Problem |
Retype each entry verbatim. Do not include the images.

(Beginning of Recorded data)

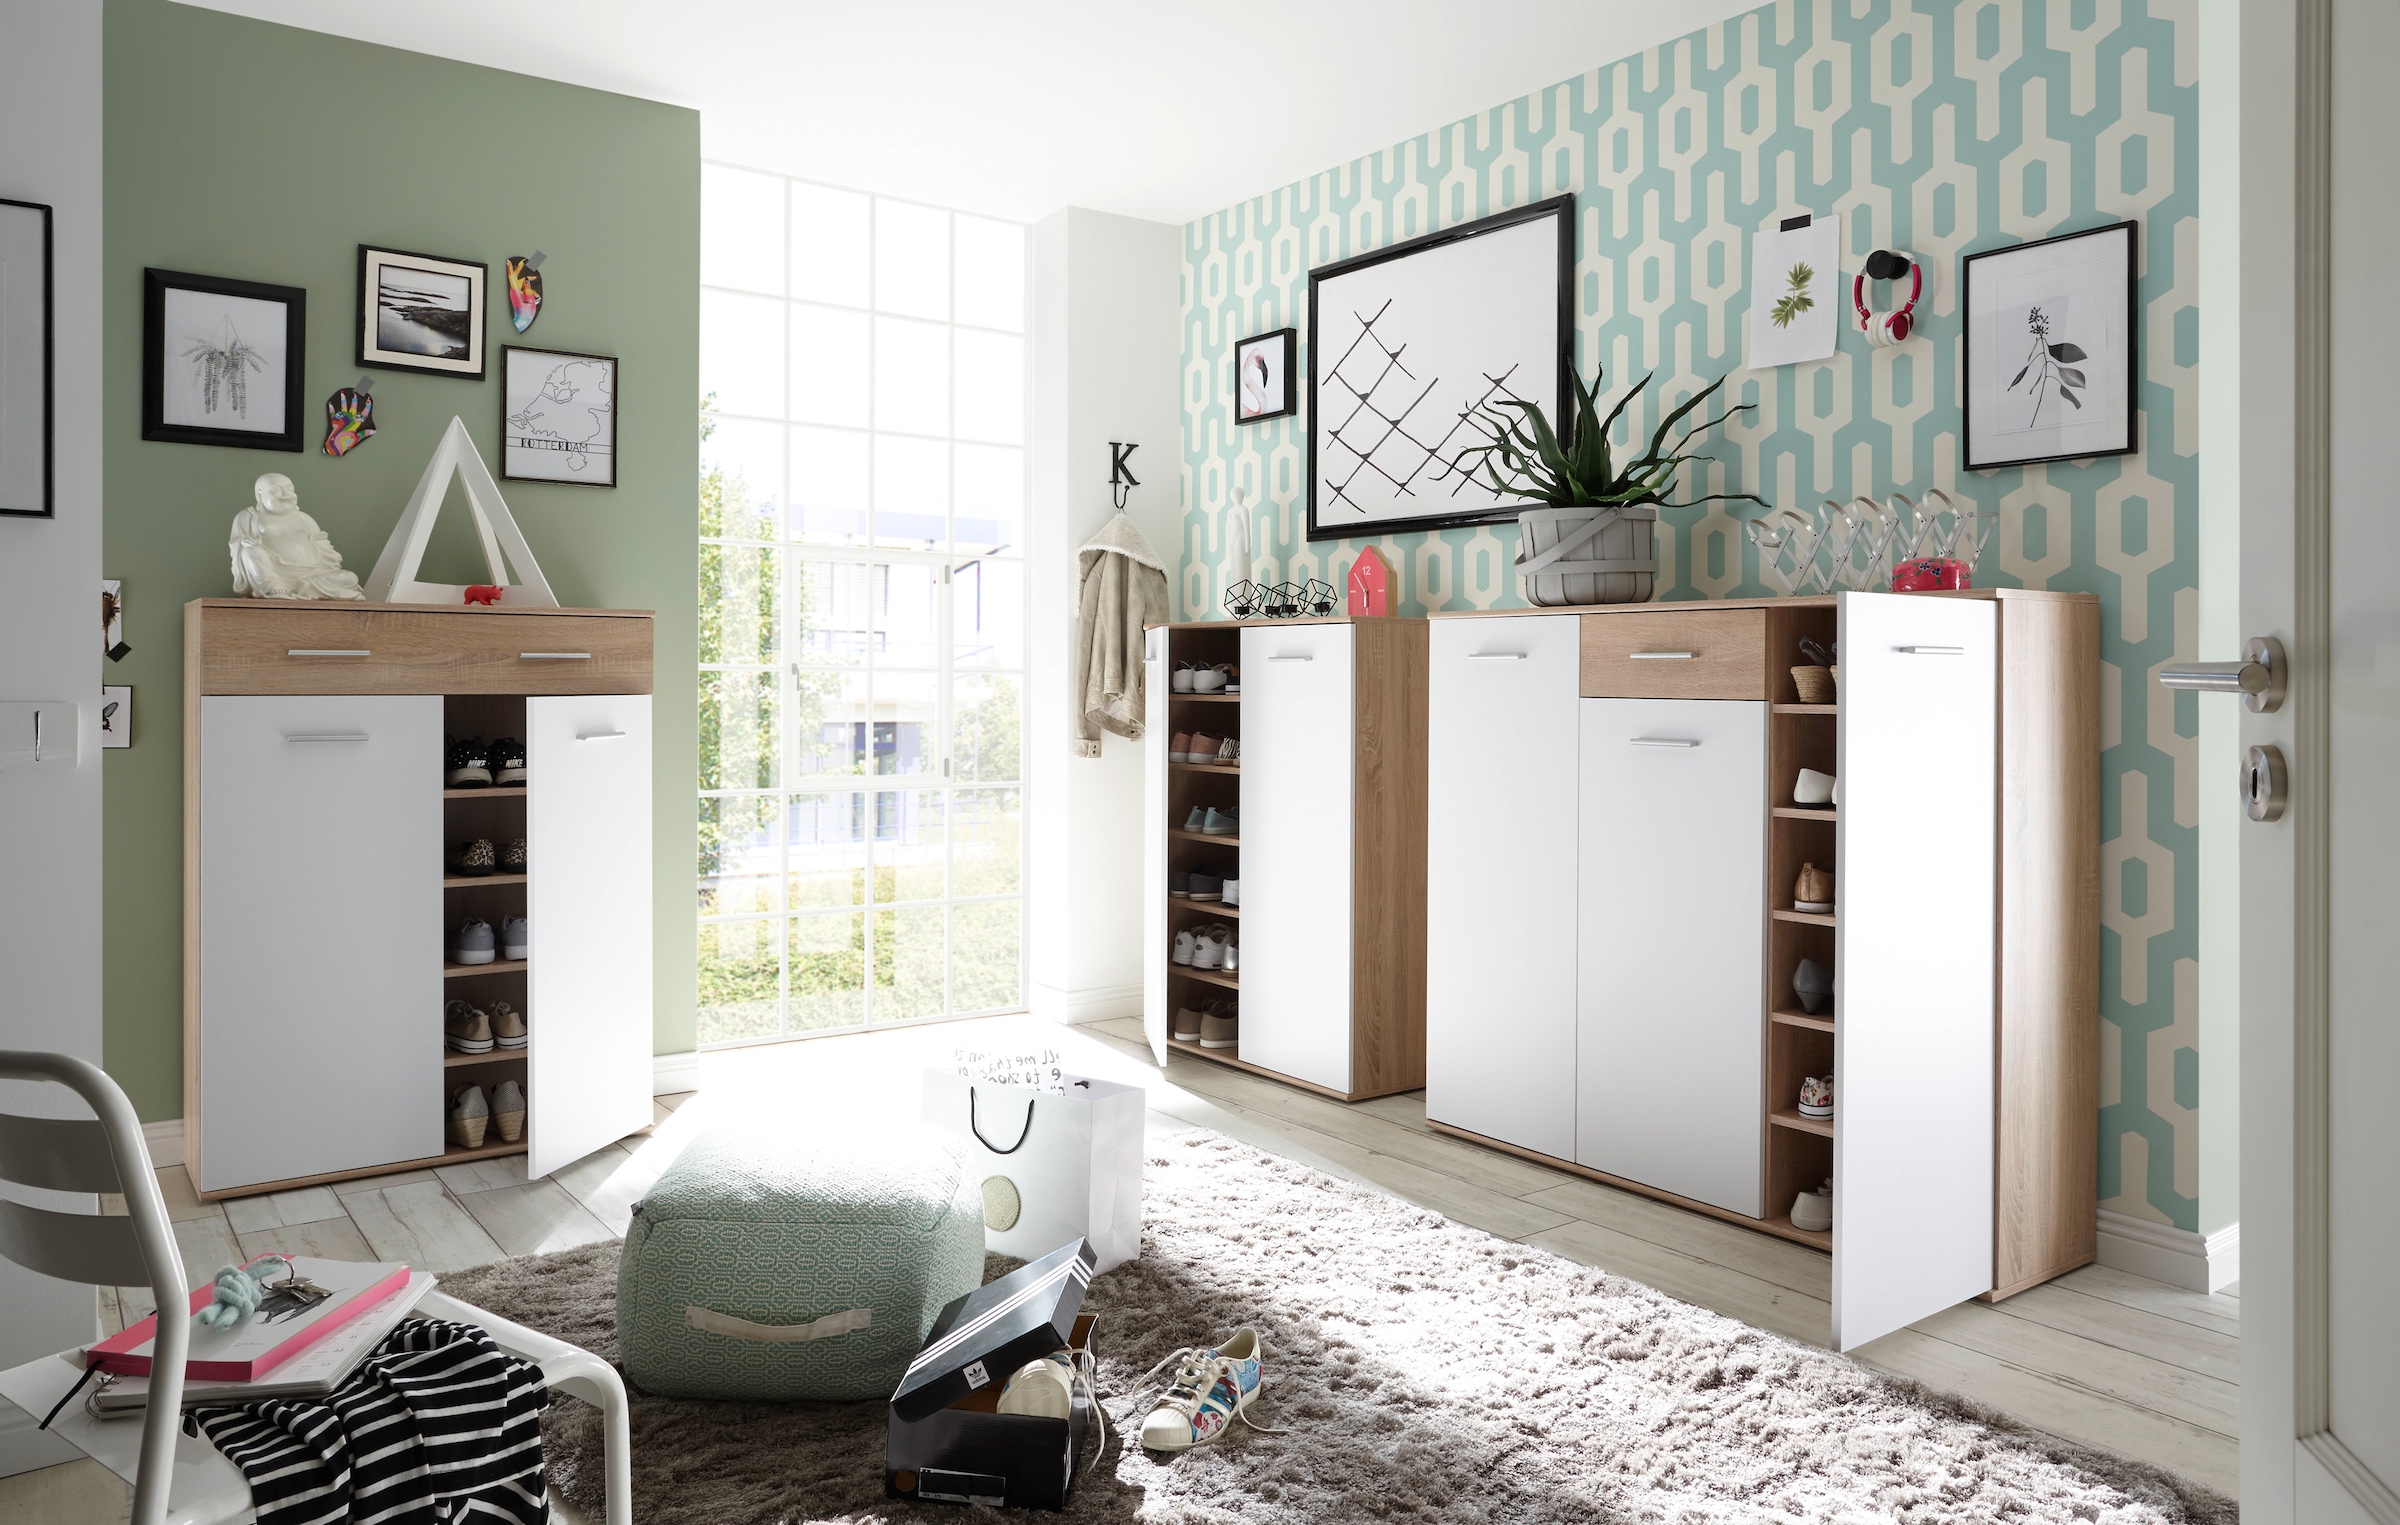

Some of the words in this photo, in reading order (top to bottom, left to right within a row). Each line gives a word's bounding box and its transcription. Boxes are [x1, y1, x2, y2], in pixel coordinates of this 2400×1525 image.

[521, 437, 588, 453] ROTTERDAM
[1108, 442, 1141, 485] K
[1362, 565, 1371, 576] 12
[467, 759, 487, 769] NIKE
[505, 758, 524, 769] NIKE

(End of Recorded data)

Written solution |
Some of the words in this photo, in reading order (top to bottom, left to right within a row). Each line gives a word's bounding box and its transcription. Boxes are [x1, y1, x2, y2], in pixel coordinates of this 2400×1525 image.

[521, 437, 588, 453] ROTTERDAM
[1108, 442, 1141, 485] K
[1362, 565, 1371, 576] 12
[467, 759, 487, 769] NIKE
[505, 758, 524, 769] NIKE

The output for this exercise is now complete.